Pedro – O movimento é uma ação nacional, não existe apenas no Rio Grande do Norte, alcançamos todos os Estados da Federação e o Distrito Federal, e temos como estrutura os operadores de segurança pública, abrangendo dessa forma Policiais Civis, Militares, Federais, Rodoviários Federais, Agentes Penitenciários, Guardas Municipais, Agentes de Trânsito e com a possibilidade de integração de membros das Forças Armadas. Nossa organização é federativa, cada uma das células têm liberdade de gestão e de ação, mas por óbvio seguindo as linhas programáticas do movimento. Não há qualquer espaço de flerte com o conservadorismo.

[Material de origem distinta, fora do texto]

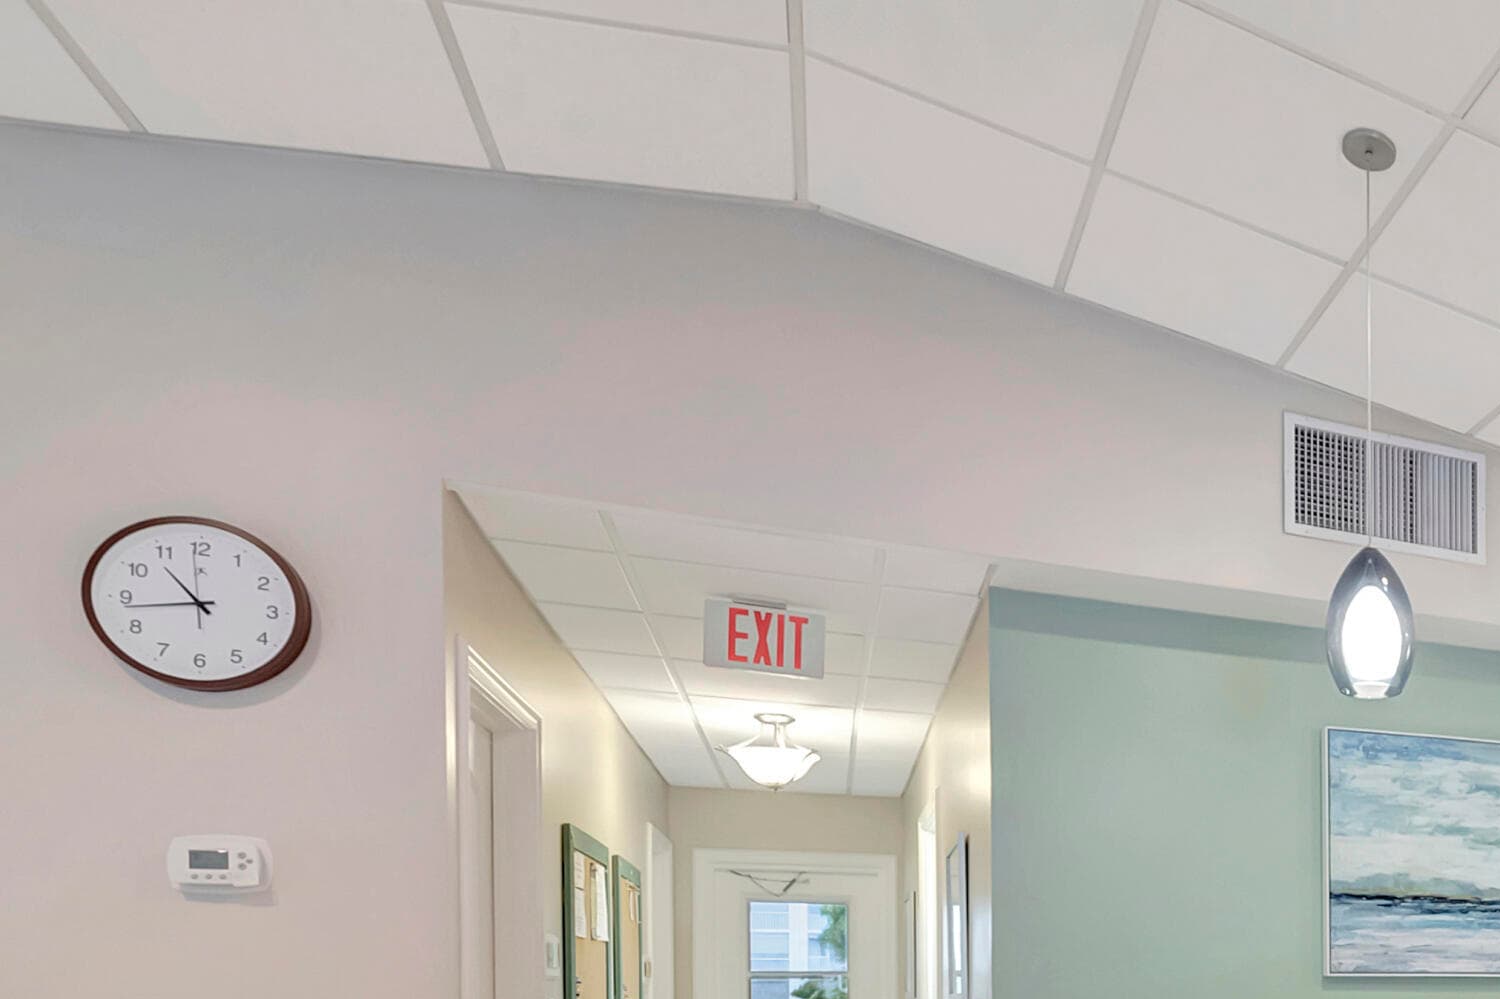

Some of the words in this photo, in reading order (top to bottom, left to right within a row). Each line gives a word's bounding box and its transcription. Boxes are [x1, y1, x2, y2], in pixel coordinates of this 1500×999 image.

[155, 546, 172, 560] 11
[190, 542, 211, 557] 12
[233, 554, 241, 567] 1
[129, 563, 148, 578] 10
[257, 577, 270, 591] 2
[120, 590, 132, 604] 9
[266, 606, 278, 619] 3
[130, 620, 142, 634] 8
[256, 632, 268, 645] 4
[727, 607, 809, 670] EXIT
[157, 643, 170, 656] 7
[230, 650, 242, 663] 5
[194, 654, 206, 668] 6

A opinião que alguns têm sobre nós, fruto da ignorância pelo desconhecido, é a de que não passamos de traidores, infiltrados, “vagabundos”; por mais que isso não passe de um profundo vício de interpretação. Mas era o esperado. Se eles dessem uma atenta e sincera leitura às nossas ideias, estariam ao nosso lado nesta luta. Entre nossas linhas está o respeito ao profissional de segurança pública, deixando claro que isso não é uma via de mão única. E essa é uma das razões da incompreensão.
Como você avalia o avanço de expressões neofascistas no Brasil e o papel das Forças Armadas?

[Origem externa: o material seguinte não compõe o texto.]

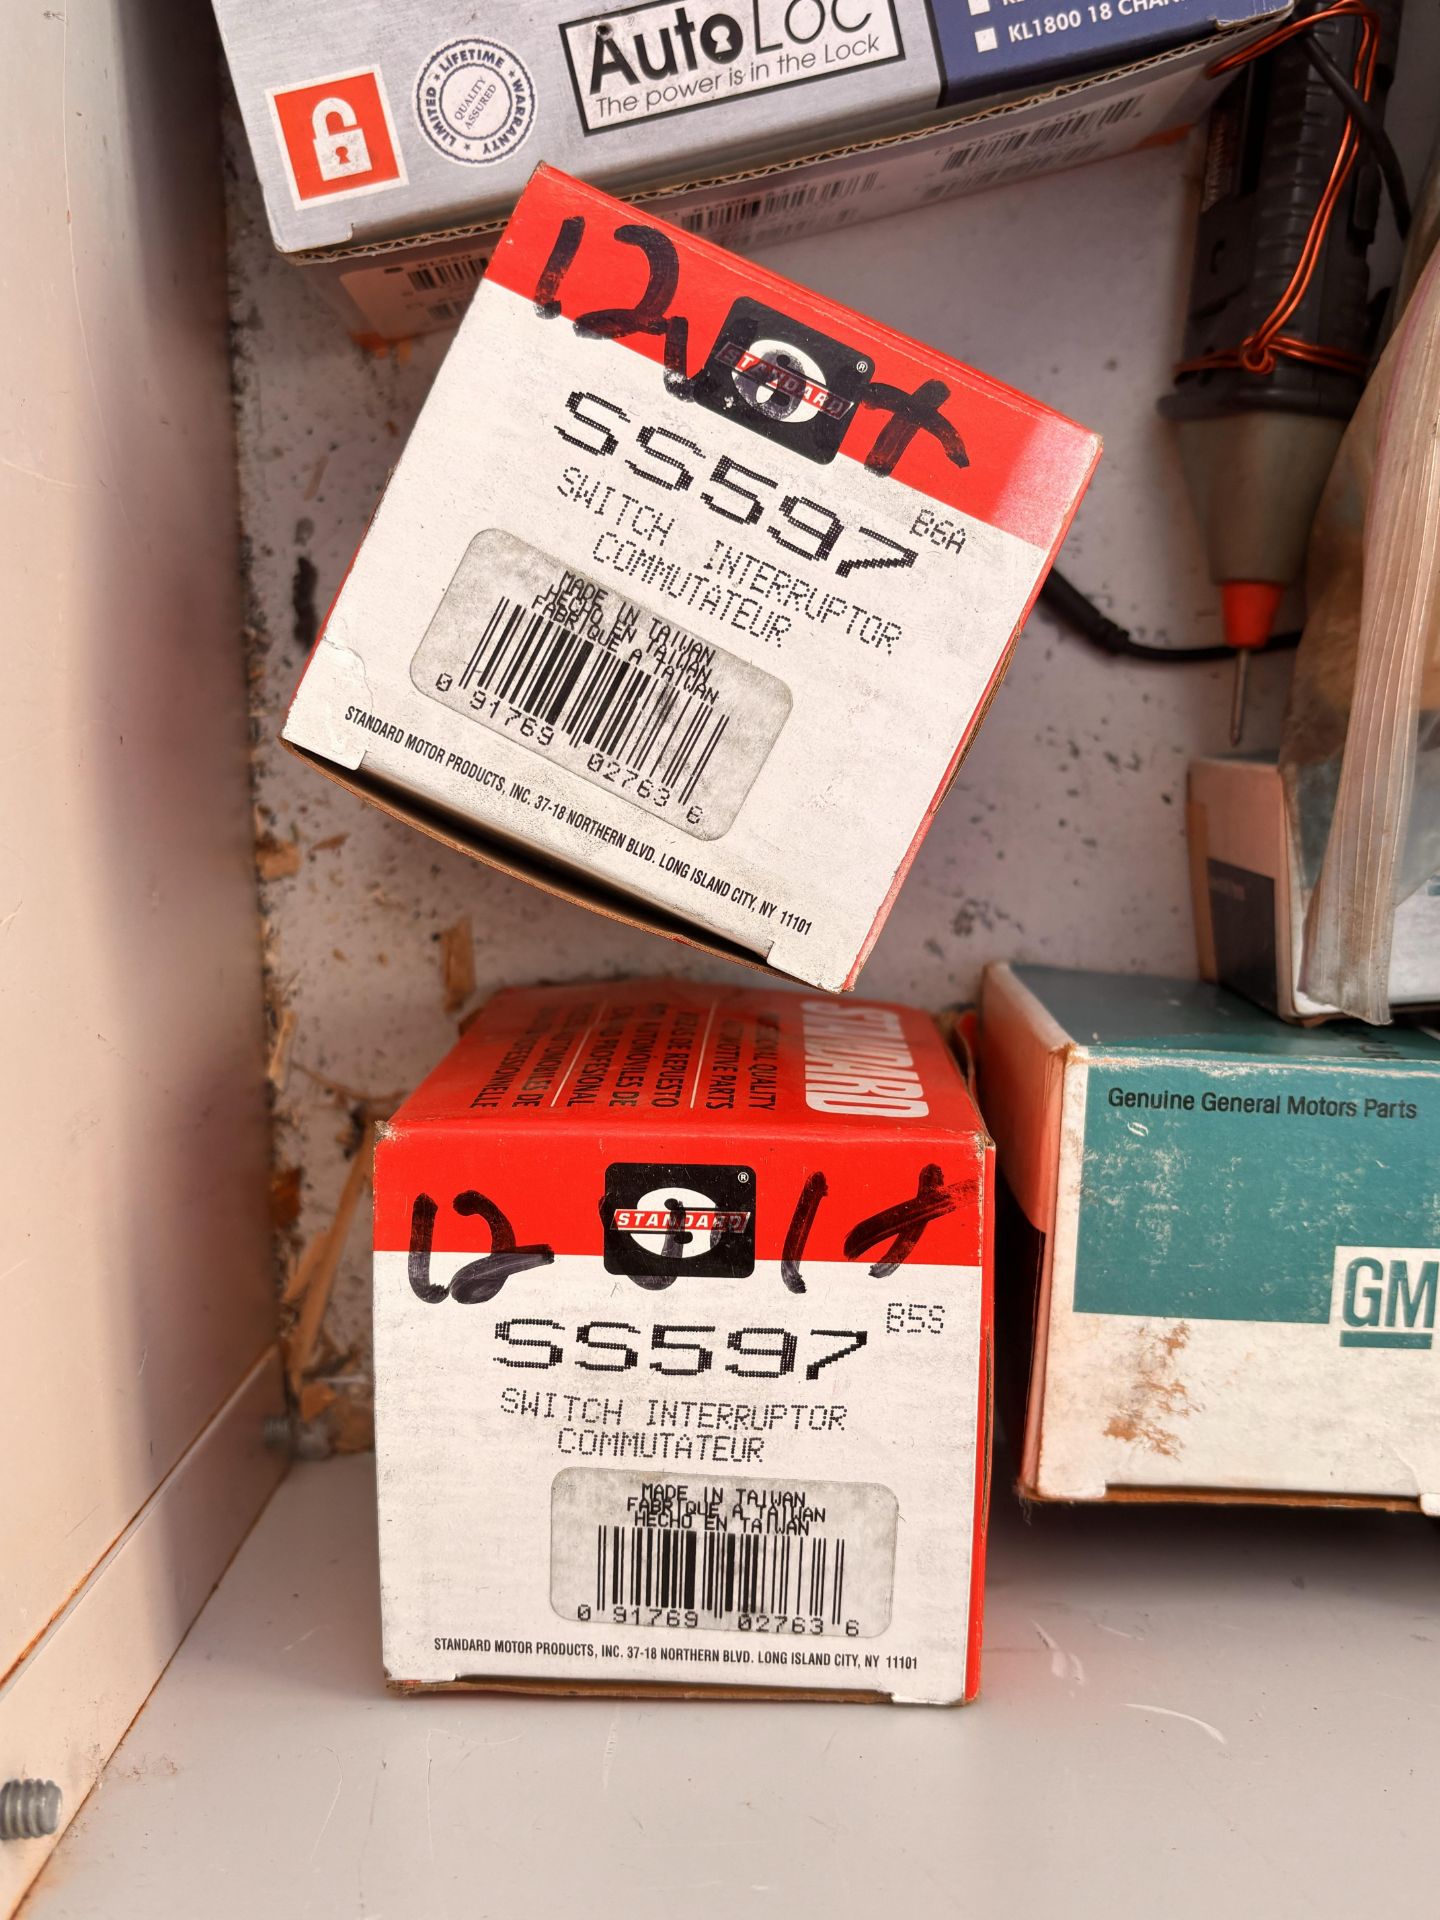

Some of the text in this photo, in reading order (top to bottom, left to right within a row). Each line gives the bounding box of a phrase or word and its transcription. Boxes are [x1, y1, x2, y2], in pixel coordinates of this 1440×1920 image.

[1008, 10, 1081, 42] KL1800
[1087, 2, 1112, 22] 18
[439, 49, 505, 73] LIFETIME
[596, 33, 880, 118] The power is in the Lock
[426, 86, 457, 147] LIMITED
[454, 75, 486, 121] QUALITY
[464, 83, 497, 130] ASSURED
[482, 78, 526, 154] WARRANTY
[554, 391, 919, 578] SS597
[909, 509, 966, 555] B6A
[557, 466, 902, 655] SWITCH INTERRUPTOR
[592, 531, 792, 648] COMMUTATEUR
[549, 584, 713, 681] HECHO EN TAIWAN
[564, 570, 715, 665] MADE IN TAIWAN
[533, 595, 625, 653] FABRIQUE
[654, 658, 720, 705] TAIWAN
[435, 673, 703, 825] 0 91769 02763 6
[345, 705, 812, 935] STANDARD MOTOR PRODUCTS, INC. 37-18 NORTHERN BLVD. LONG ISLAND CITY, NY 11101
[566, 1039, 621, 1107] PROFESIONAL
[651, 1052, 690, 1108] REPUESTO
[801, 1000, 929, 1118] STANDARD
[511, 1093, 544, 1108] DE
[608, 1091, 639, 1107] DE
[705, 1074, 736, 1110] PARTS
[748, 1062, 778, 1111] QUALITY
[1107, 1087, 1417, 1119] Genuine General Motors Parts
[617, 1213, 741, 1229] STANDARD
[1342, 1256, 1440, 1328] GM
[887, 1303, 945, 1334] B5S
[493, 1319, 867, 1380] SS597
[501, 1388, 847, 1431] SWITCH INTERRUPTOR
[558, 1426, 764, 1462] COMMUTATEUR
[627, 1497, 719, 1516] FABRIQUE
[756, 1504, 825, 1522] TAIWAN
[641, 1483, 805, 1507] MADE IN TAIWAN
[634, 1511, 809, 1536] HECHO EN TAIWAN
[577, 1605, 859, 1637] 0 91769 02763 6
[435, 1638, 916, 1669] STANDARD MOTOR PRODUCTS, INC. 37-18 NORTHERN BLVD. LONG ISLAND CITY, NY 11101

Pedro – Temos uma cultura, presente também, de forma mais tênue, na esquerda, de que a política é um pardieiro de pilantras. Então algo a ser desvalorizado como força motriz de mudança de realidade social. Junta-se a isso a incompetência do Estado brasileiro em promover a segurança – nós temos uma realidade, a nível de escala, sem precedentes no mundo. Há, a partir disso uma sensação de insegurança que domina algo perto de 90% da população.
Essa mistura, com toques de provincianismo cultural, jogou nosso povo ao deleite de projetos fascistas. Isso poderia ter se dado à esquerda, mas como a temática segurança pública é tratada com mais intensidade pela direita, juntando-se a isso o fato de termos tido mais de uma década de governo do PT, essa busca por um rompimento, por burlar as regras do jogo democrático, se direcionou para à direita, sob um viés não apenas autoritário, mas fascista.
No mundo todo, assim como as forças policiais, as forças armadas são admiradas e não temidas. Está claro que não fizemos o devido trabalho a respeito de nosso passado anti-democrático e os fantasmas de outrora ressurgem sem a mínima vergonha.
Confesso que esperava uma conduta mais neutra por parte das Forças Armadas, por tudo o que infelizmente promoveram em seu passado não tão distante, deveriam eles serem os “maiores patriotas”, ou simplesmente patriotas, e não aqueles a fomentar o desmantelamento do Estado Nacional em todas as suas acepções.
Aqui em Natal tivemos uma atuação histórica do grupo de policiais antifascistas em unidade com os movimentos sociais durante a campanha pela democracia e em algumas atividades de rua, como no último ato do dia 22. Como foi essa experiência? Como se sente fazendo parte dessa história?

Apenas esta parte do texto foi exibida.